Zachary M. Seward, at Nieman Journalism Lab and Alan Mutter recently came up with the cost "to sustain every American newspaper in perpetuity as non-profit organizations" - $114 billion.

Two problems:
1. This will save only the editorial staff. 2. Who says newsroom journalists have a monopoly over original journalism?

So, what models for the news business do we have at present? Here are 14 news business models to choose from:

1. Public funds investigative journalism on a case-by-case basis: e.g. [Dave Cohn's site]

2. Angel funding for investigative journalism: e.g. Propublica [funded by Craig Newmark]

3. Government funds Journalism: e.g. BBC [great work, autonomous], Prasar Bharati (India) - Not so great output due to government interference

4. A Non-profit Trust funds Journalism: e.g. The Guardian

5. Regular Donation Drives funds Journalism: e.g. NPR [Radio]

6. Small, localized, Print on demand newspapers: e.g. - aggregates from local blogs

7. Small, online only news teams [max. size 10] focused on a niche/locality: e.g. Paidcontent, Gigaom

8. A mix of free papers for young people and special editions with analysis for an older crowd

9. Subsidize serious reporting with consumer service coverage [gadgets, celebrities, lifestyles, shopping]: e.g. NYT's Lifestyle publications make the real money

10. Subsidize serious reporting with non-intrusive business line extensions: e.g. Dilbert creator Scott Adams created a computer file storage business with his character's name. Other options include being more like an ad agency for advertisers.

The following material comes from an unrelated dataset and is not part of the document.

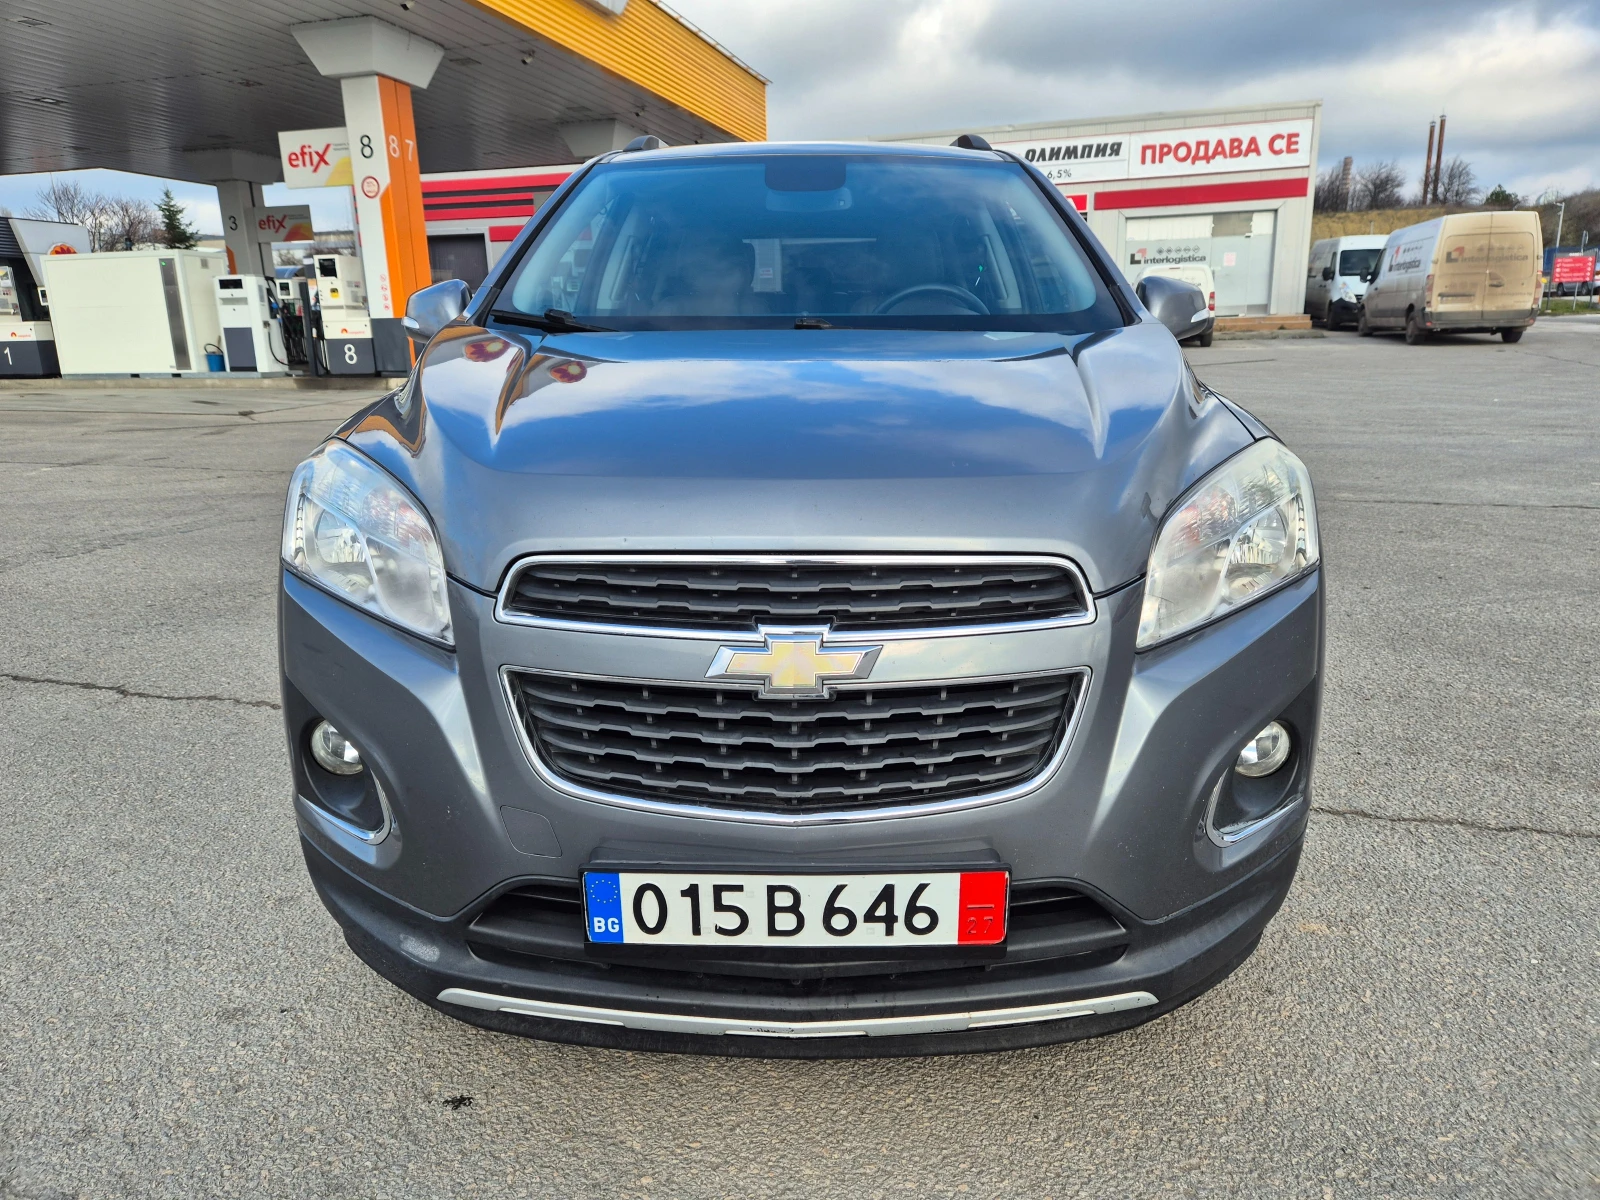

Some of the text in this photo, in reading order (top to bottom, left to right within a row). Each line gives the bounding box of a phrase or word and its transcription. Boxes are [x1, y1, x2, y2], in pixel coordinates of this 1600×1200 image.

11. Small Newsroom of Investigative reporters, brand name bloggers and community managers, who aggregate and summarize everything else (reviews, opinions) from blogs and other sources: e.g. The Huffington Post

12. Subscription based site plus free articles: e.g.,, - all are business titles

13. iTunes type Pay for each article using micropayments.
Problems: 1. Articles are not pieces of music that people can listen repeatedly 2. Micropayments are intrusive.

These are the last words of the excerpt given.